Work required |
Once the pictures are set aside, repeat all of the data below exactly.

Data shown |
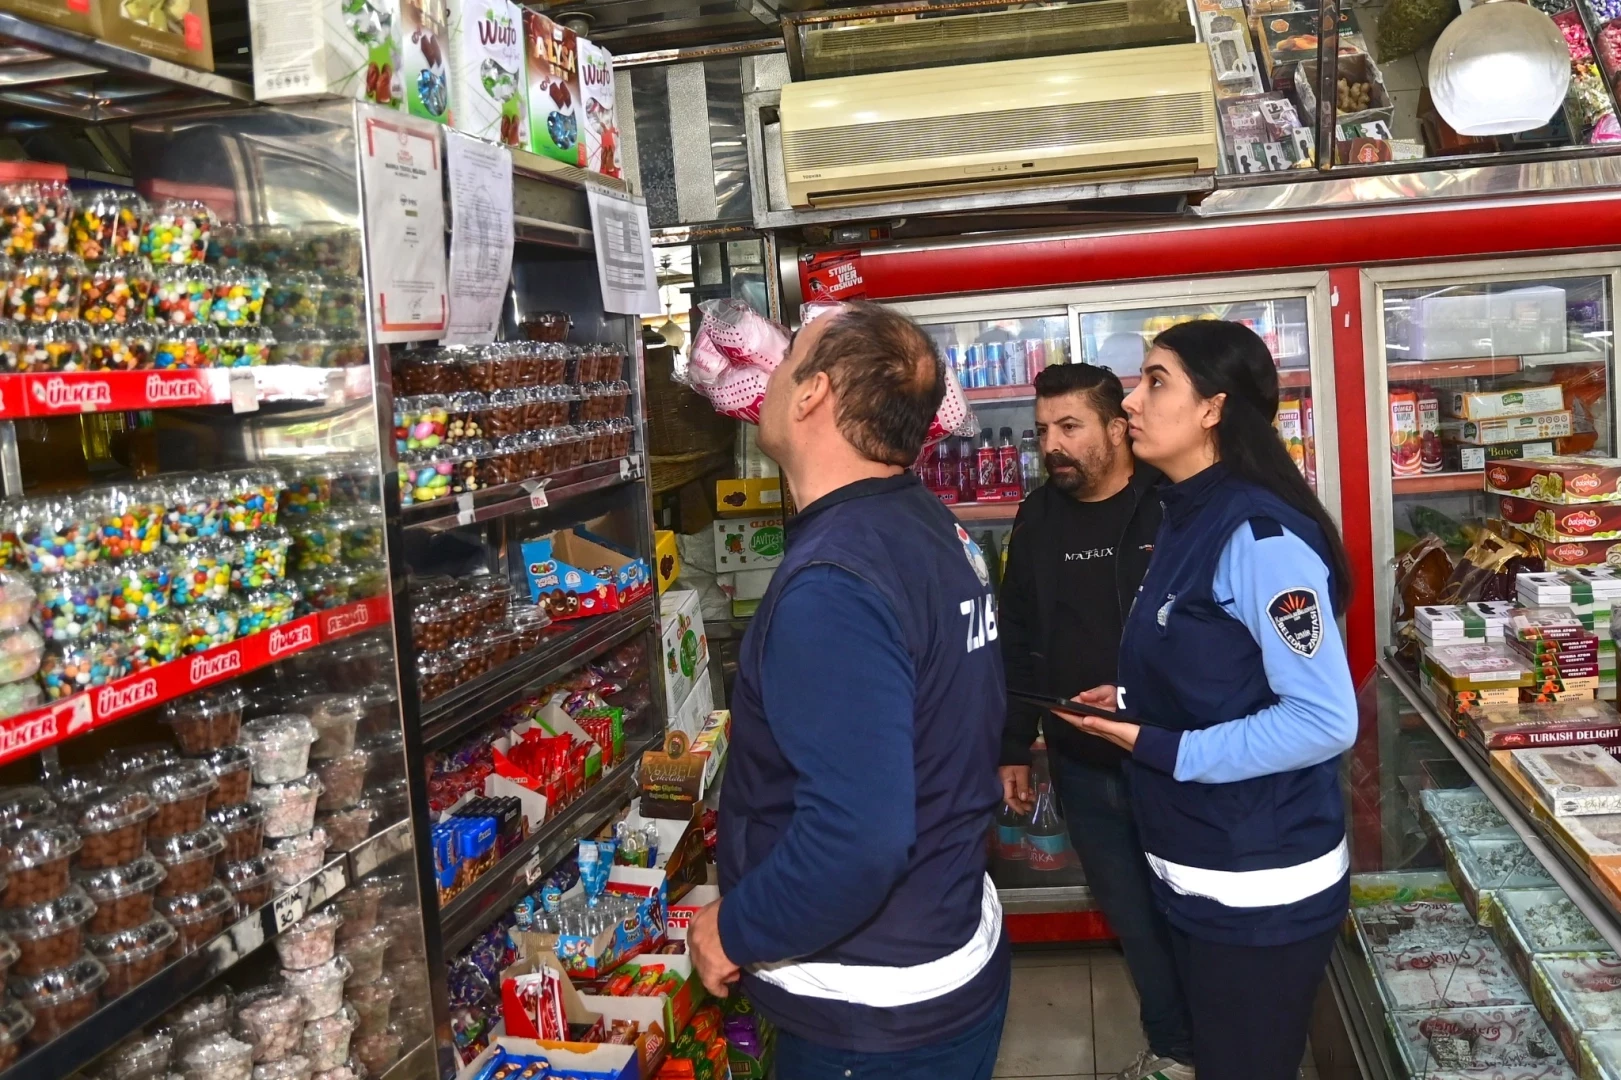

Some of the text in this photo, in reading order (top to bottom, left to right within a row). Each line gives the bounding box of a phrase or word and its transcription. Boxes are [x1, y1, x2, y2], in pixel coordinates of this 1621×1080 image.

[478, 18, 517, 47] Wufo
[534, 36, 576, 74] ALYSA
[582, 61, 611, 87] Wufo
[837, 270, 858, 283] VER
[47, 378, 109, 406] ÜLKER
[147, 374, 200, 400] ÜLKER
[1064, 546, 1115, 562] MATRIX
[190, 650, 241, 684] ÜLKER
[98, 679, 157, 717] ÜLKER
[0, 715, 57, 753] LKER
[1529, 731, 1573, 743] TURKISH
[1576, 728, 1620, 740] DELIGHT
[667, 911, 693, 919] LKER
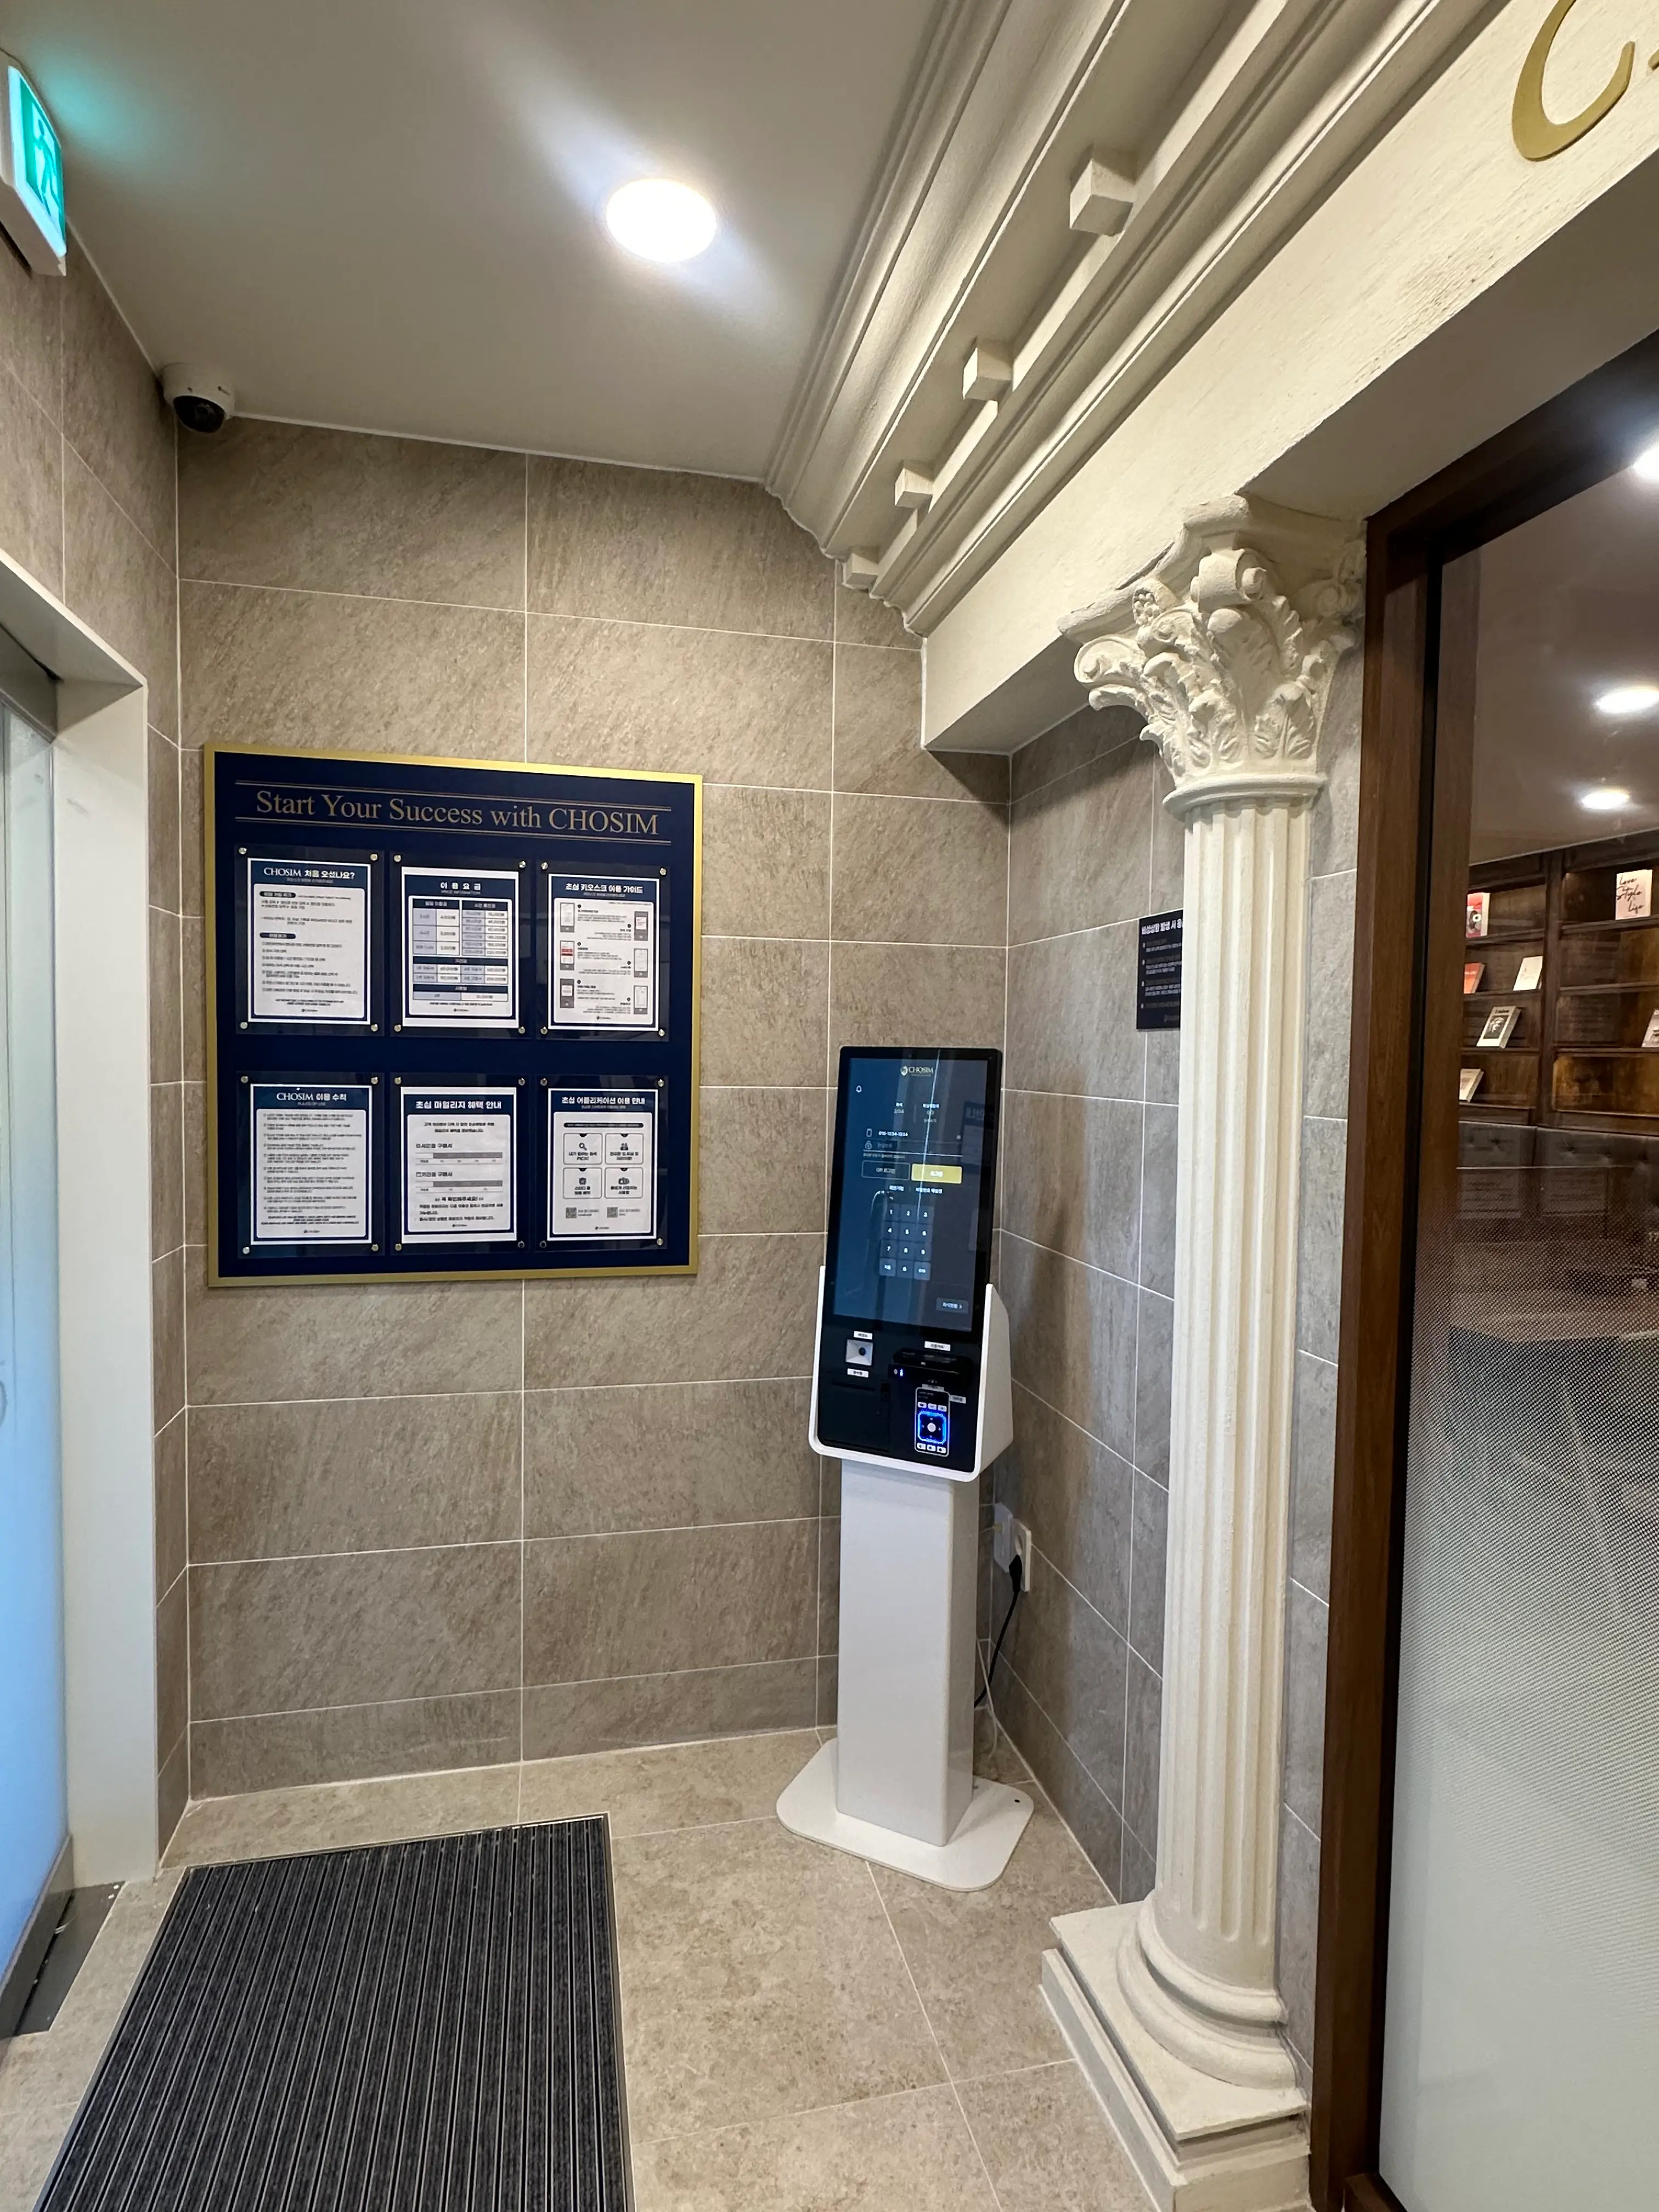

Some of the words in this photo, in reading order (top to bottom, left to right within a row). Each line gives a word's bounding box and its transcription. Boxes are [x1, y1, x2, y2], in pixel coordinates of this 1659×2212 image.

[257, 791, 315, 815] Start
[322, 794, 382, 819] Your
[390, 798, 483, 824] Success
[490, 805, 542, 828] with
[549, 808, 659, 835] CHOSIM
[263, 867, 301, 877] CHOSIM
[580, 884, 607, 892] 키오스크
[434, 1101, 466, 1109] 마일리지
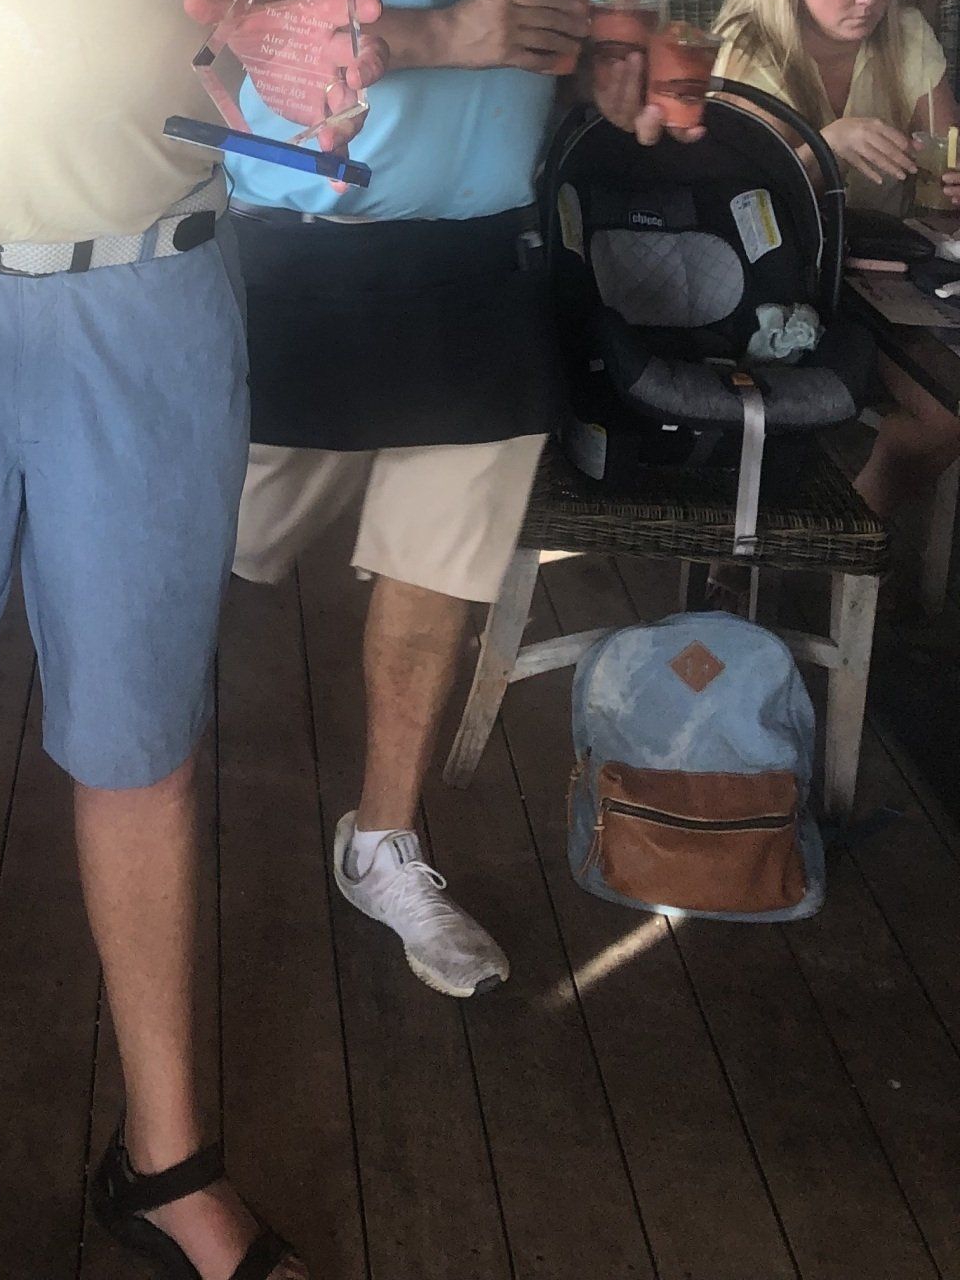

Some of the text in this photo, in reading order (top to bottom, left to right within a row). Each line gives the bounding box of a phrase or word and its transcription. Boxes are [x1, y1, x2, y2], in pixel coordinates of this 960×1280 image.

[266, 8, 333, 30] The Big Kahuna
[282, 23, 310, 36] Award
[263, 33, 284, 45] Aire
[304, 53, 321, 65] DE
[256, 79, 287, 96] Dynamic
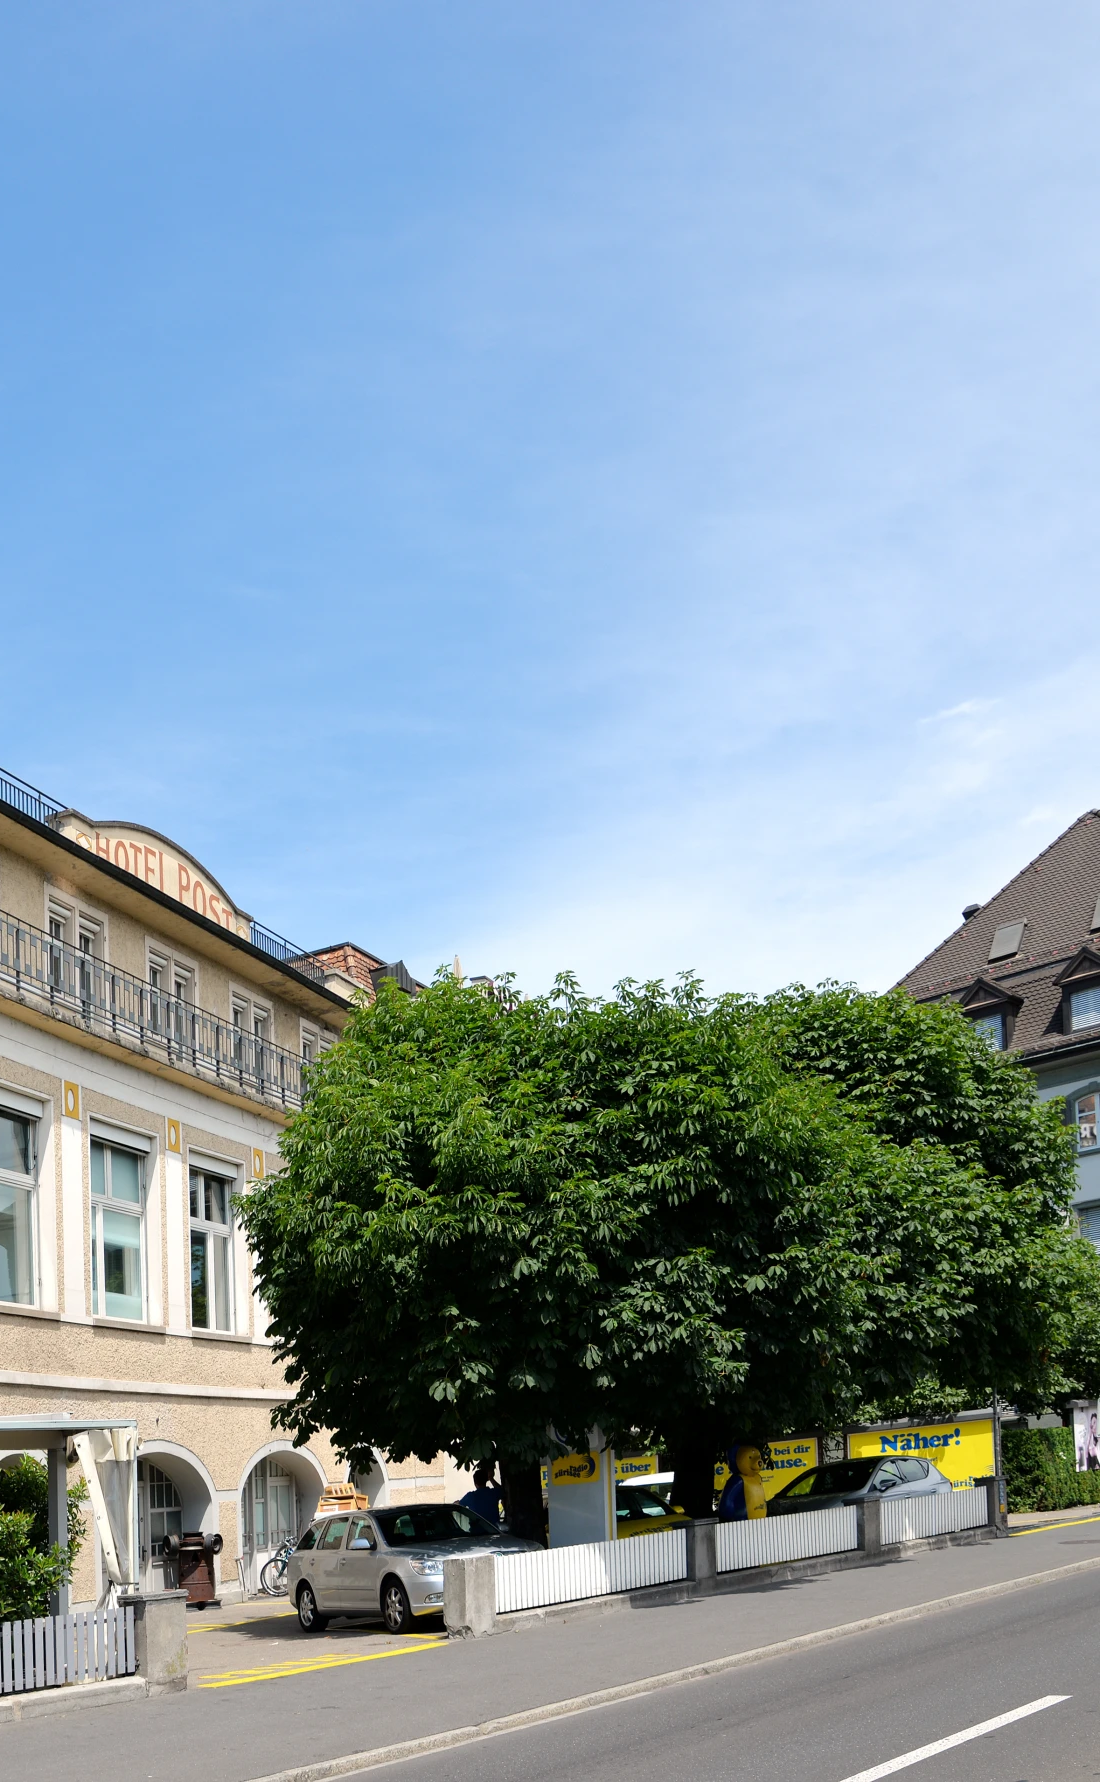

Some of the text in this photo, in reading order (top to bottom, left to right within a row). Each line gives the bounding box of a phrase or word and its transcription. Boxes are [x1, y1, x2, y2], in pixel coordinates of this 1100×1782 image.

Task response |
Some of the text in this photo, in reading order (top to bottom, left to right within a row). Each line gives the bounding box of a phrase or word and its transcription. Boxes are [x1, y1, x2, y2], in pixel coordinates of this 1621×1080 image.

[478, 18, 517, 47] Wufo
[534, 36, 576, 74] ALYSA
[582, 61, 611, 87] Wufo
[837, 270, 858, 283] VER
[47, 378, 109, 406] ÜLKER
[147, 374, 200, 400] ÜLKER
[1064, 546, 1115, 562] MATRIX
[190, 650, 241, 684] ÜLKER
[98, 679, 157, 717] ÜLKER
[0, 715, 57, 753] LKER
[1529, 731, 1573, 743] TURKISH
[1576, 728, 1620, 740] DELIGHT
[667, 911, 693, 919] LKER

Some of the words in this photo, in reading order (top to bottom, left to right within a row). Each line gives a word's bounding box and its transcription. Boxes are [x1, y1, x2, y2], in pixel coordinates of this 1659×2212 image.

[257, 791, 315, 815] Start
[322, 794, 382, 819] Your
[390, 798, 483, 824] Success
[490, 805, 542, 828] with
[549, 808, 659, 835] CHOSIM
[263, 867, 301, 877] CHOSIM
[580, 884, 607, 892] 키오스크
[434, 1101, 466, 1109] 마일리지

Some of the text in this photo, in reading order (top to bottom, left to right within a row). Each line gives the bounding box of a phrase or word and its transcription. Boxes are [x1, y1, x2, y2], in pixel coordinates of this 960×1280 image.

[266, 8, 333, 30] The Big Kahuna
[282, 23, 310, 36] Award
[263, 33, 284, 45] Aire
[304, 53, 321, 65] DE
[256, 79, 287, 96] Dynamic

Some of the text in this photo, in reading order (top to bottom, left to right within a row). Each line gives the bounding box of a phrase or word and its transcription. Boxes are [x1, y1, x2, y2], in pixel coordinates of this 1100×1782 image.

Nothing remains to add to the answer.